– by David Morgan-Brown
Aboriginal actor David Gulpilil first graced the big screen with his memorable performance in the very memorable Australia-set film Walkabout back in 1971. He’s had a number of roles in Australian film, TV, and theatre since, and has worked with director Rolf de Heer recently on two very acclaimed Australian films Ten Canoes and The Tracker, however it is here (with what is likely to be another highly acclaimed Australian film) that feels de Heer is allowing this to be Gulpilil’s film, something for him to address the controversy of his life (and the lives of others) in a slightly biographical way.
The actor has faced a number of legal issues in the past, which have been addressed and emphasised in this film. David seems to have taken those problems and utilised them like an emotional reservoir to conjure up this very deeply felt, yet charismatic and seemingly very personal performance. He won the Best Actor award for ‘Un Certain Regard’ (Out of Competition) at Cannes Film festival in France earlier this year — I haven’t seen the other films this one was against, but they’d be hard-pressed to have a better piece of acting in them.

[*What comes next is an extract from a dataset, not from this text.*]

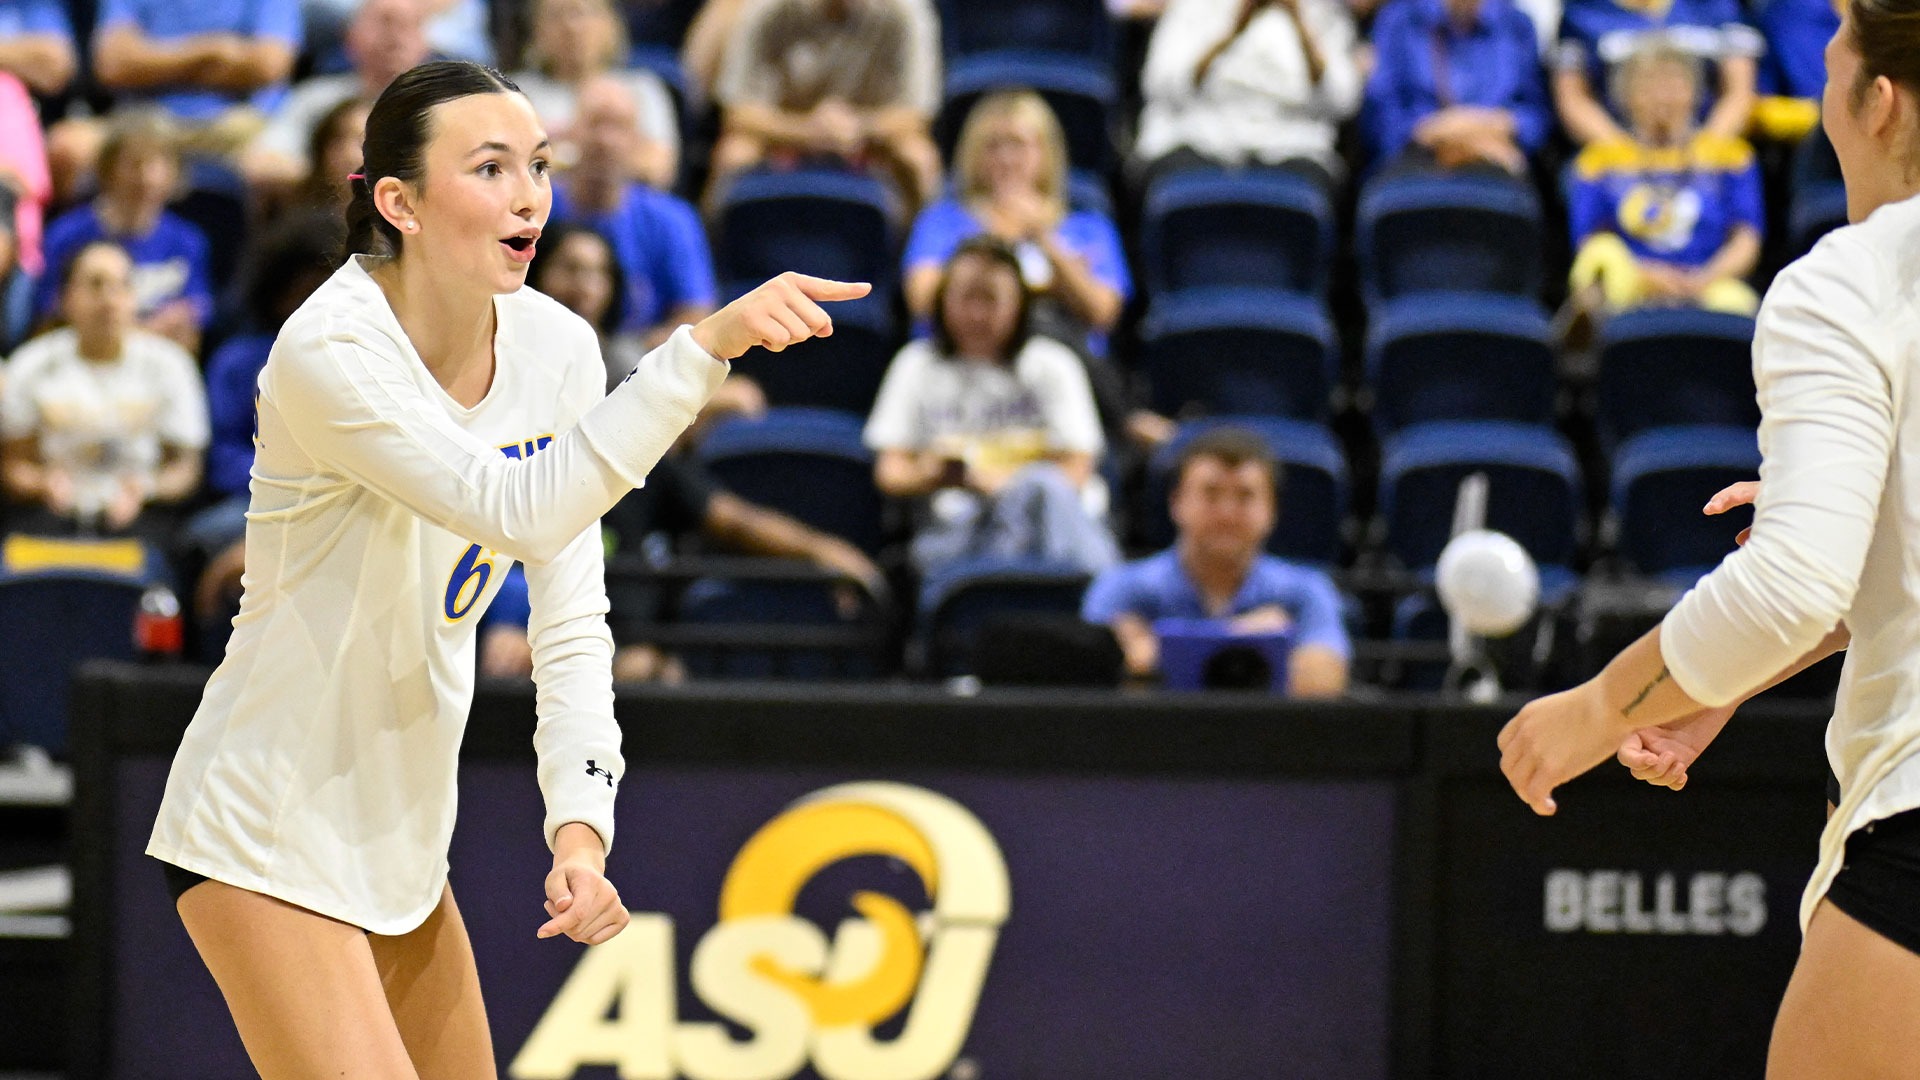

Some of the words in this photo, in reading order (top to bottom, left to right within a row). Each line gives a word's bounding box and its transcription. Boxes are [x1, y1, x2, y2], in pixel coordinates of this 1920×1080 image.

The story of land ownership and the conflict between the native Aboriginals and white people is ripe for morally/politically ambiguous material. This set-up could’ve allowed for easy demonising and humanising amongst the two races, but Charlie’s Country doesn’t trip into those easy pitfalls, instead making the effort to not only offer a wide variety of supporting characters (good and bad, white and black), but to also focus on Charlie and characterise him with deeply human traits like flaws, humour, contradictions, warmth, and an underlying desire to better himself and his community.
True to the title, the land that encapsulates Charlie is also a predominant aspect of the film. His bush area where he retreats may appear lush, but it’s also the villain that assaults Charlie physically in some sort of masochistic, return-to-form ritual of this Aboriginal upset over having his respectable traditions ruined by police involvement. This scene in particular has a visceral effect (thanks to the excellent cinematography and sound), making the viewer feel hungrier and colder as they witness Charlie become starving and freezing.
This film is an incredibly affecting one, and it’s easy to be swept away by David’s charismatic and humorous performance that twists and turns into much darker and realist territory. This doesn’t just feel like a good Australian film, it feels like an important one, so hopefully it will get the recognition it deserves. If you have even the slightest interest in Australian cinema or culture, go see it.